Baby-in-green-bathThis article is the next in our series on Early Identification and was written by Dr. Stephanie Blenner. Dr. Blenner is from Boston Medical Center and is a member of the MA Act Early Steering Committee. She is also a LEND alum.

Three in One Thousand

She had long hair and unyielding eyes. I was only a resident at the time, so I sat to the side while the attending physician told the mother that her child had something called autism.

He explained it was a neurodevelopmental disorder. When she asked what to do, he told her to spend time with her at home.

At 3, she was too young for school or formal intervention. When we left the room, he told me I was lucky to meet a child with autism because it was so rare.

One in Eighty-Eight

Over 15 years later, we see children with autism every day in our clinical program. We never tell families it is rare or that they should wait to intervene. Instead we talk about how common autism is, how many other families have sat in their shoes, and the importance of early intervention.

We do this in English, in Spanish, in Vietnamese, sometimes with both parents, sometimes with just the mother or another family member. As clinicians, we do this so often the packets of printed information for families need to be restocked weekly.

This is our job as health professionals, to assure children are screened, diagnosed and receive the intervention that can make such a difference.

One in Fifty

Autism awareness requires more than just describing what autism is, explaining that it is common and that early treatment is critical.

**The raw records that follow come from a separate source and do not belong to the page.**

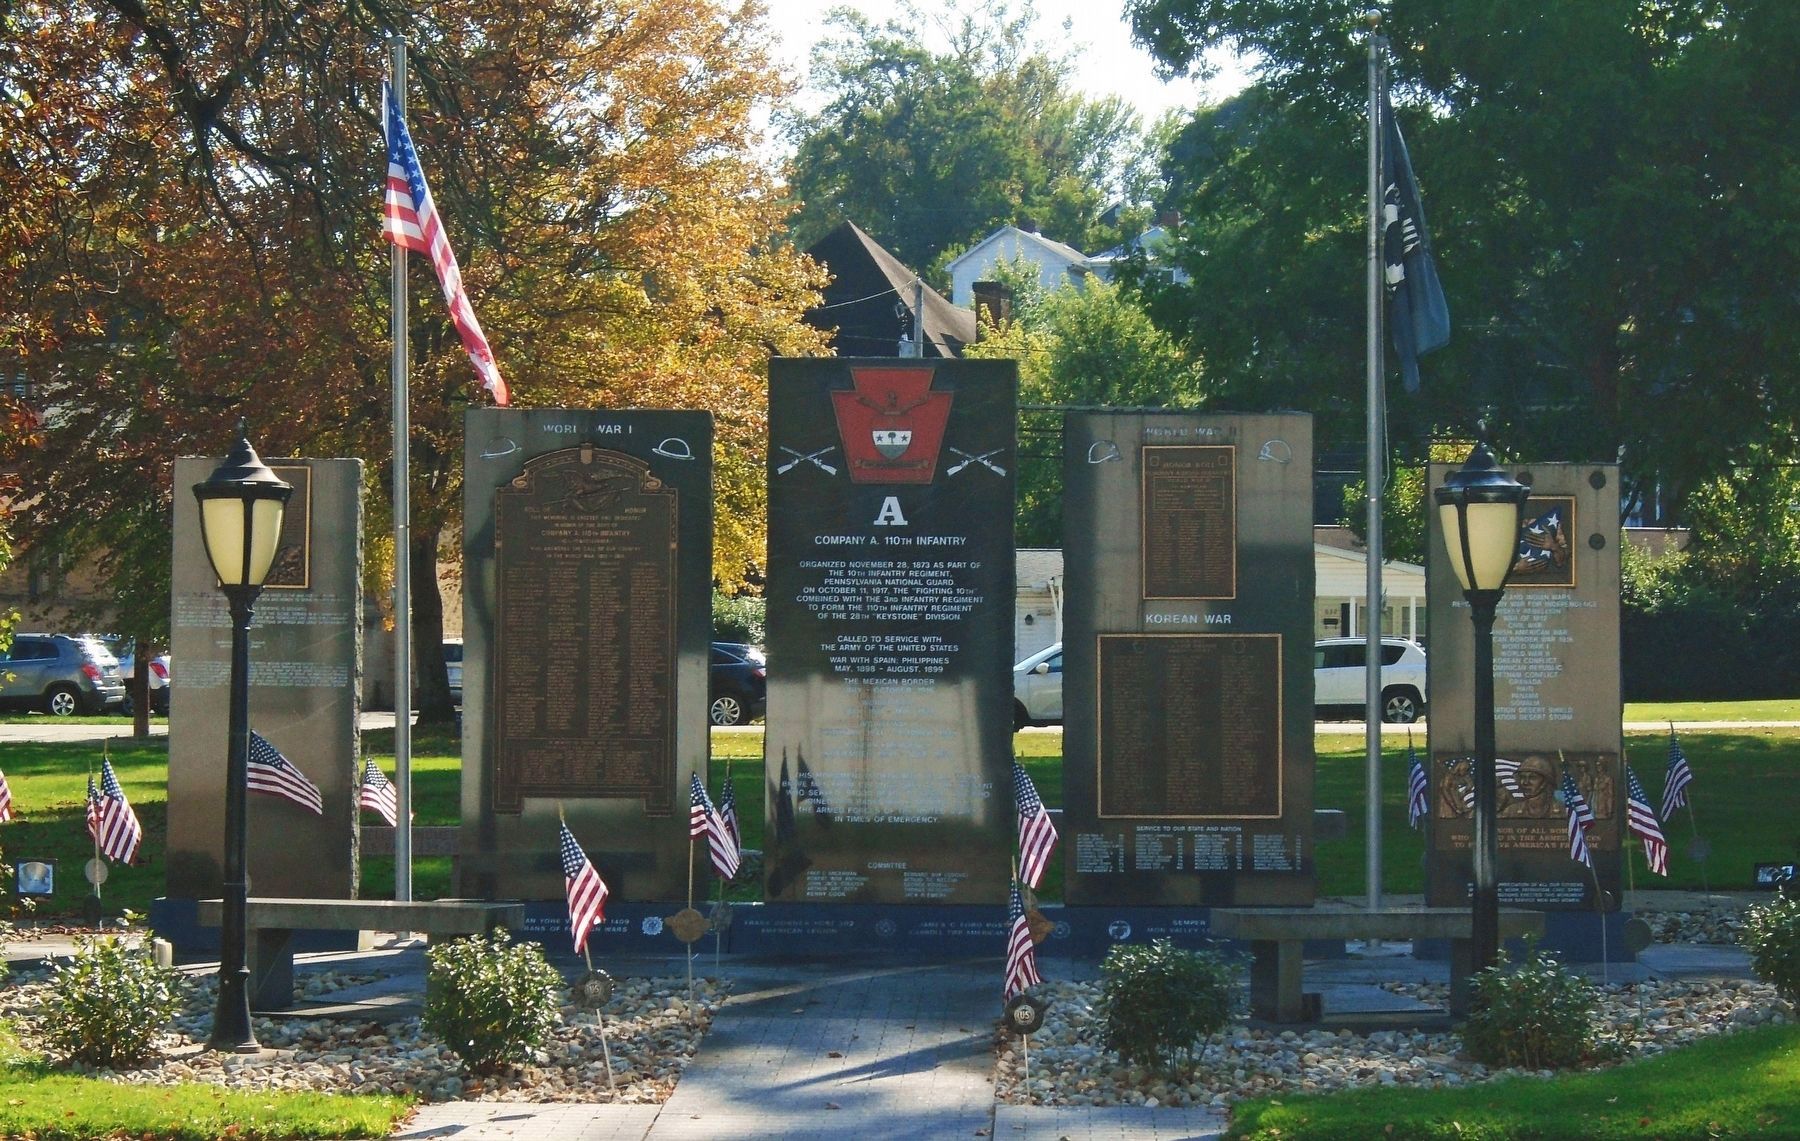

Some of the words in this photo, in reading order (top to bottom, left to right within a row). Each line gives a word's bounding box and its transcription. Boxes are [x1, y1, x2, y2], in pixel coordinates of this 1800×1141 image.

[628, 425, 632, 434] I
[873, 496, 908, 526] A
[815, 536, 865, 545] COMPANY
[884, 536, 912, 545] 110TH
[916, 536, 966, 545] INFANTRY
[1145, 614, 1198, 624] KOREAN
[1204, 614, 1232, 624] WAR

We also need to to let people know that while autism is all too common, children with autism are not.

That each is singularly unique and special. That the chance to identify a child with autism early means that, through intervention, their community will have a unique opportunity. They will be able to know and appreciate that child as possibly only those closest know them; as the individual behind the disorder.

In this way, as we work together on autism awareness, we remind ourselves why this work is important. That the most recent sobering 1 in 50 statistic belies what each of us privileged to do this work knows, that each child is more truly one in a million.